Abstract

Various stages of evolution of the surface instability and pattern formation are investigated for unstable thin (<100 nm) fluid films subjected to the long-range van der Waals repulsion and a shorter range attraction. The complete three-dimensional morphology is resolved based on numerical solutions of the nonlinear 2D thin film equation. In the first phase of evolution, initial random nonhomogeneities are quickly reorganized into a small amplitude undulating structure consisting of long “hills” and “valleys.” Different types of patterns are formed thereafter, depending on the initial mean thickness vis-à-vis location of the minimum in the intermolecular force curve. Dewetting of relatively thick films occurs by circular isolated holes which grow and coalesce to form a large-scale structure with intervening pools and ridges of the liquid, which eventually decay into increasingly circular droplets.

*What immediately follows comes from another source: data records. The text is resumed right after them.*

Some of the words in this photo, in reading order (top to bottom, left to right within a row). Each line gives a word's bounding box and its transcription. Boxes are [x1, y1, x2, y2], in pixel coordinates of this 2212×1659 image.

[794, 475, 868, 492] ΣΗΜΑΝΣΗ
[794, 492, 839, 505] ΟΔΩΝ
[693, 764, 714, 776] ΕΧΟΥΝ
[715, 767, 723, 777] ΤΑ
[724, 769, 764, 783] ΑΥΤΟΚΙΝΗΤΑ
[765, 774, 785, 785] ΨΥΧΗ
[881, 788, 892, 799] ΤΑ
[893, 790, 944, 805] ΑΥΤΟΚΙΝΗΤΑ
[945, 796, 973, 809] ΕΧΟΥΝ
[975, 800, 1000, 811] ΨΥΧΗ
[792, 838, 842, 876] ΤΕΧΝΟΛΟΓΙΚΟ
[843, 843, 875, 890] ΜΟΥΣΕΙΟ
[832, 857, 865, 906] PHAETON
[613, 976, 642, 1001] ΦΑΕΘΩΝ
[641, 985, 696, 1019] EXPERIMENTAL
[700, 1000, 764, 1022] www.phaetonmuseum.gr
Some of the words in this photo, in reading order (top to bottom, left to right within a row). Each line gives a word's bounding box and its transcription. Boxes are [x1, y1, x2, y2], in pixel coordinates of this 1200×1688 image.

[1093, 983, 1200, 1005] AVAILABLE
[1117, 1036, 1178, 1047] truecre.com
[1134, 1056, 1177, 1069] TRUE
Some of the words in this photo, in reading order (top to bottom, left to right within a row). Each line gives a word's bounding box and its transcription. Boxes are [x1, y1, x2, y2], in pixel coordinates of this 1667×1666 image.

In thinner films, the shallow depressions merge and the long ridges of the bicontinuous structure mature, fragment, and directly transform into increasingly circular droplets, which continue to grow by ripening and merger. The characteristics of a pattern, its pathway of evolution, and the morphology at the onset of dewetting thus depend crucially on the form of the intermolecular potential in an extended neighborhood of the initial thickness. The linear and 1D nonlinear analyses used hitherto fail completely in prediction of morphological patterns, but can predict their length scales rather well.